From an interview between Jonathan Demme and Werner Herzog at the Museum of the Moving Image, New York, in 2008, available as one of the special features on the 2-disc edition of ‘Encounters at the End of the World’:
Herzog: … I was somehow disconnected from music because a music teacher when I was thirteen forced me to sing in front of the whole class, just wanting to break my back, and I disconnected myself from music … and then when school was over five years later, when I was eighteen, there was this enormous void and hunger for music and that’s how … without any teaching I immersed myself in music with a more ferocious intensity than anyone I knew among my peers.
Demme: How did you deal with that moment when you were being forced to sing?
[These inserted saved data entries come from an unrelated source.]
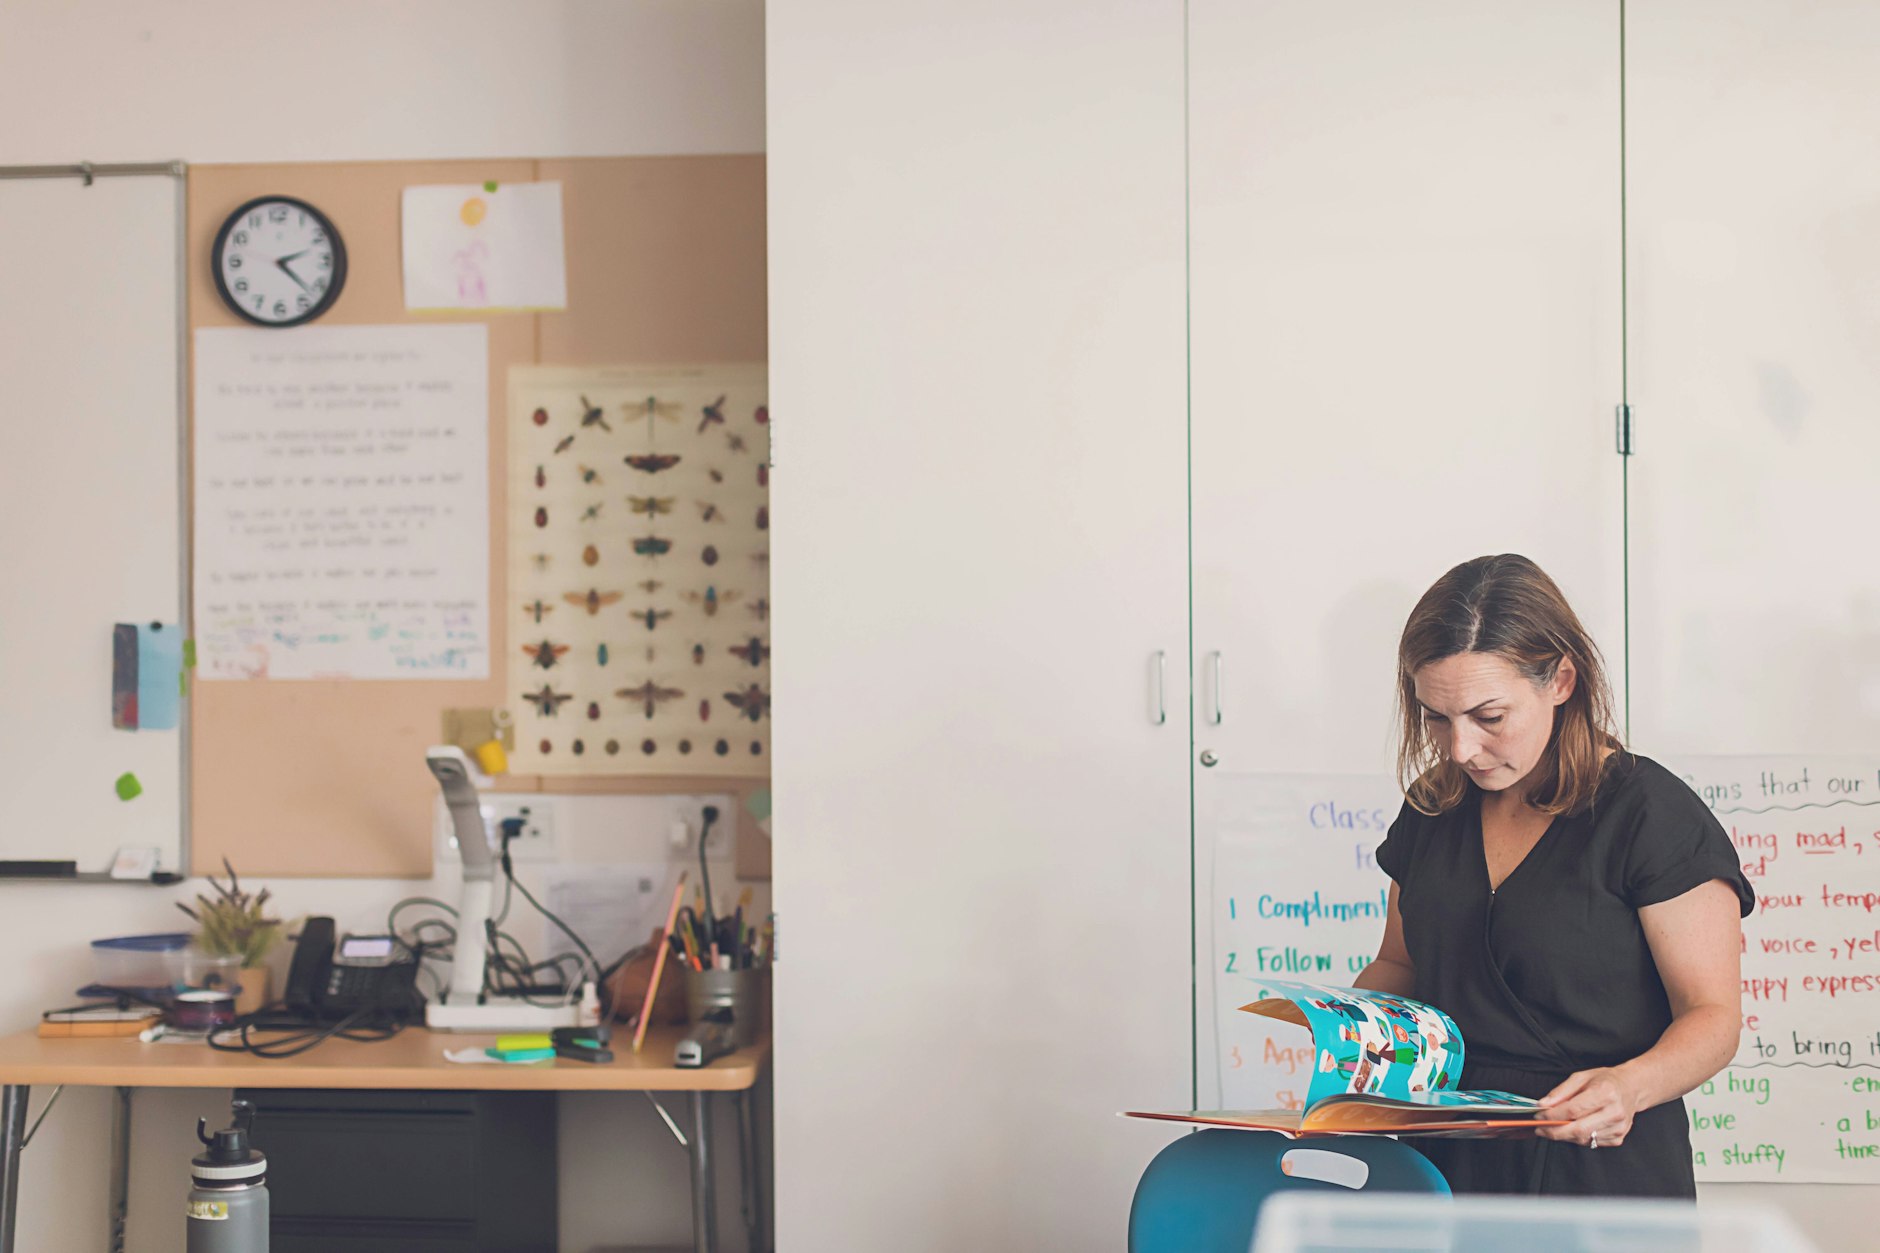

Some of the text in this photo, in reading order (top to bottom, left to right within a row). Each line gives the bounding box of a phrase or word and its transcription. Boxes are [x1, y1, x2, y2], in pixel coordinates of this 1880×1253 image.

[1760, 768, 1811, 797] that
[1828, 778, 1864, 793] our
[1309, 801, 1386, 831] Class
[1757, 895, 1803, 914] your
[1225, 952, 1239, 973] 2
[1257, 946, 1332, 974] Follow
[1752, 1036, 1777, 1058] to
[1793, 1030, 1852, 1068] bring
[1728, 1071, 1770, 1105] hug
[1692, 1108, 1737, 1132] love
[1837, 1118, 1851, 1132] a
[1695, 1142, 1785, 1174] a stuffy
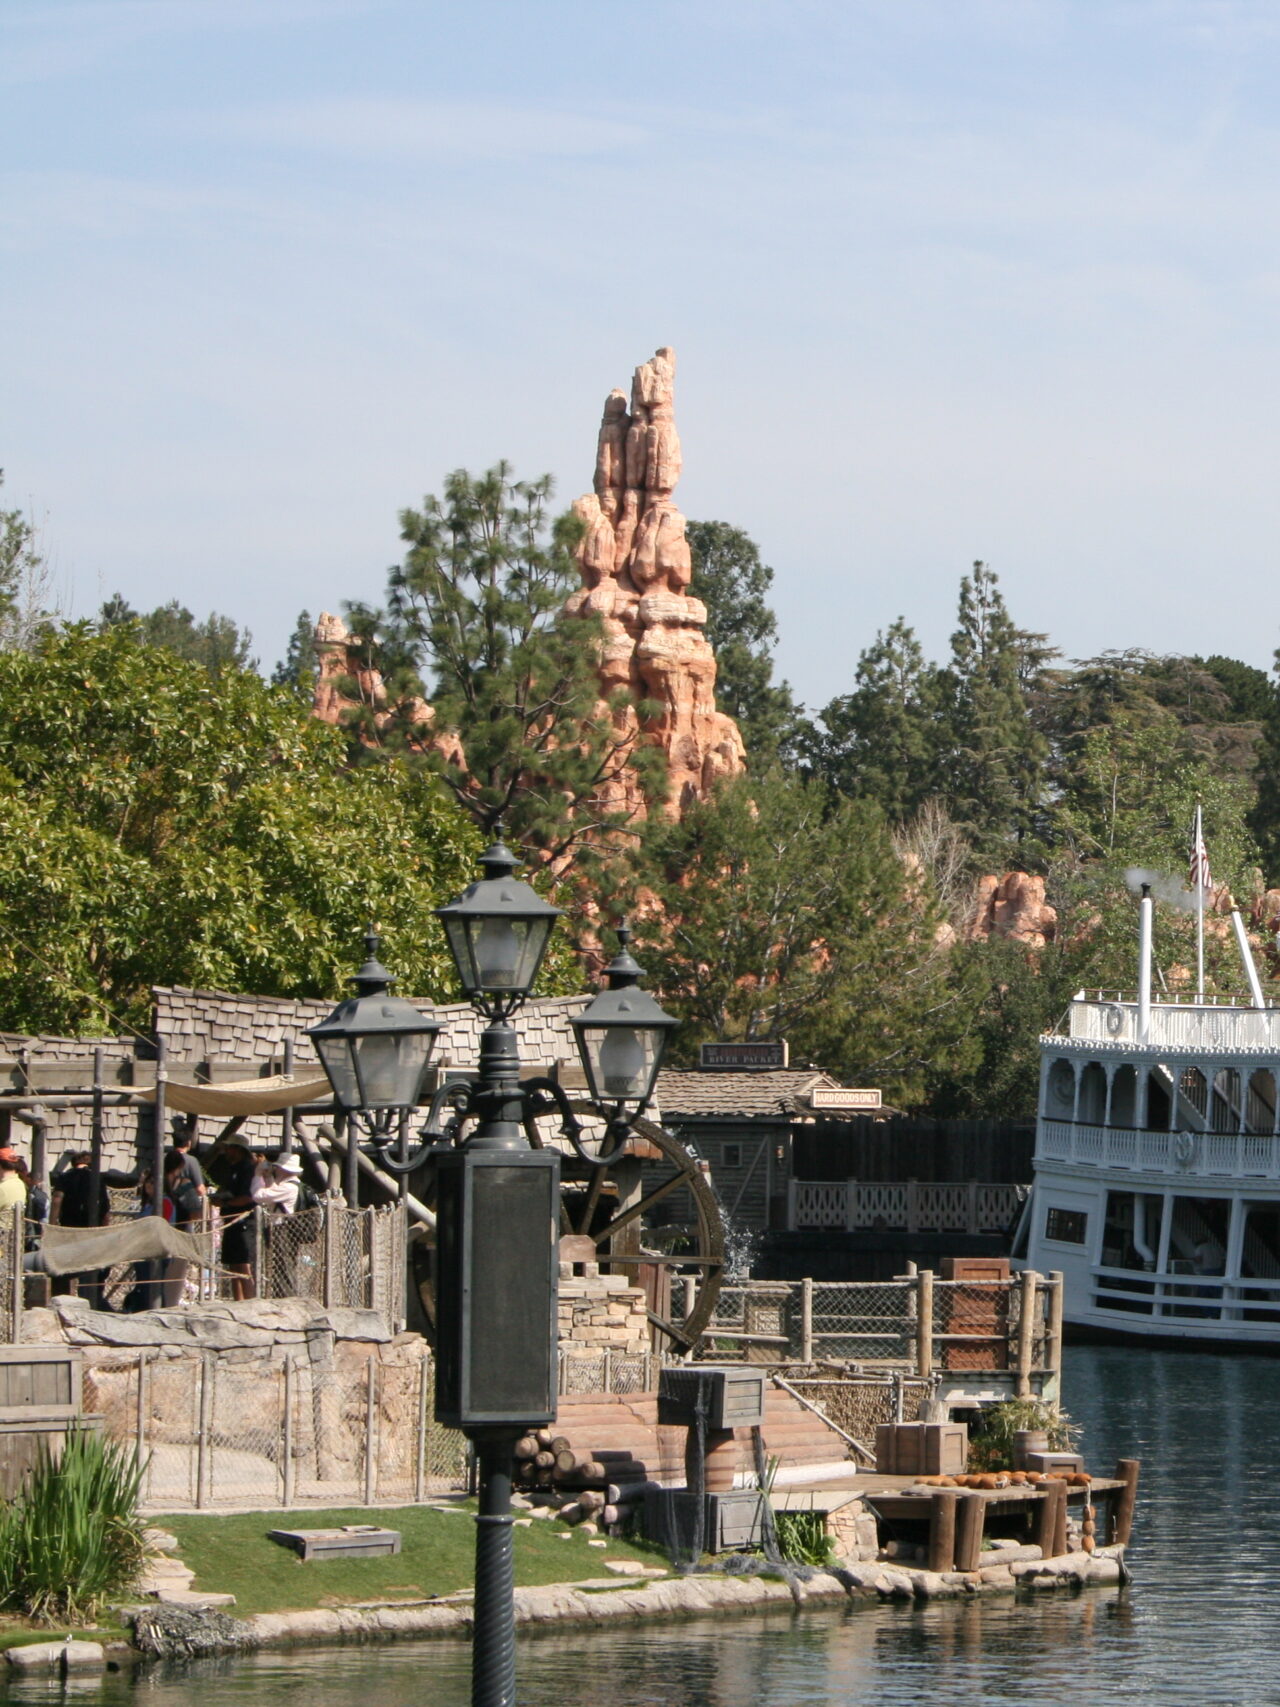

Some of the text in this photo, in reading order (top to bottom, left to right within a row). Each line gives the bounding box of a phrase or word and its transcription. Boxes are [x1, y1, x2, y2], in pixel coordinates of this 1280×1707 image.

[709, 1055, 778, 1063] RIVER PACKET
[816, 1092, 878, 1103] HARD GOODS ONLY
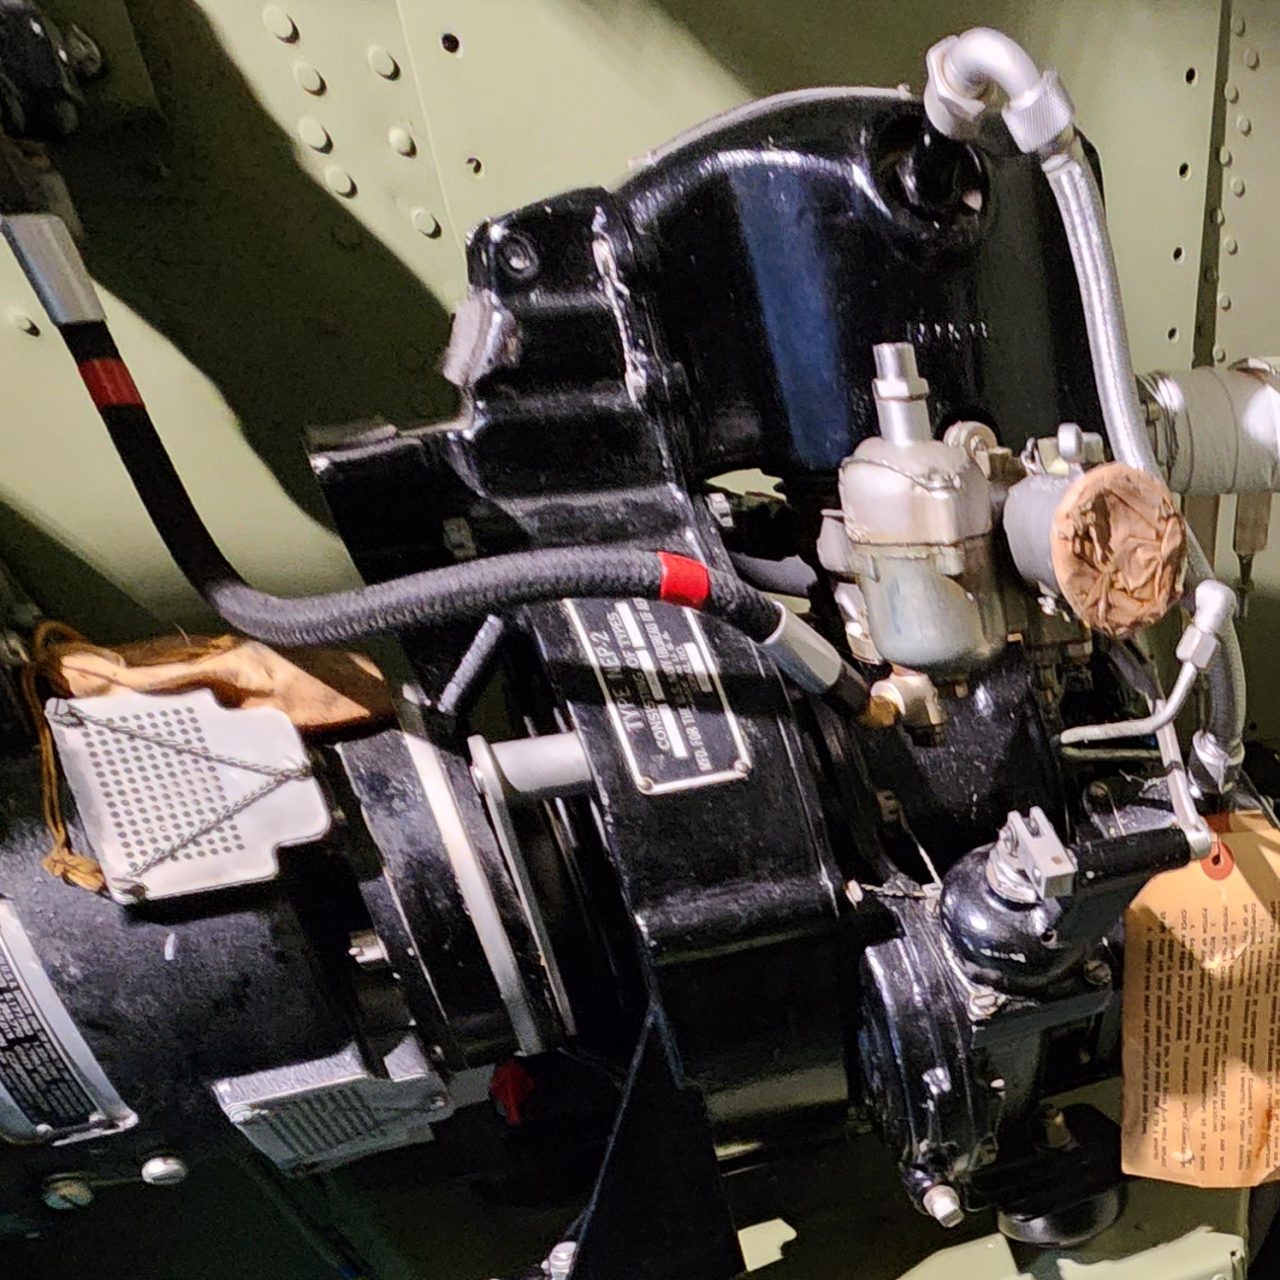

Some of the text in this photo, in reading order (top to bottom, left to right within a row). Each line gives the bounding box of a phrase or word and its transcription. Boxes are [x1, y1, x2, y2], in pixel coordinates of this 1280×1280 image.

Herzog: Well, everyone sang a song. At that time there was this stupid idea floating around that everyone had some talent for music or talent for painting, which was kind of ridiculous. And when it came to me I stood up and said “I’m not going to sing”, and then I became obstinate and I said to the teacher “You may do the somersault forwards and backwards, but I am not going to sing.” So they called in the headmaster and they took the class hostage, these bastards took the class hostage, and I could strangle them today if I met them. And from that moment on I seriously planned to burn the school building to the ground at night, which unfortunately I never did … And I said to myself never in my life is anyone going to break my back, it is not going to happen again, that is unique, rather dead than having your back broken again.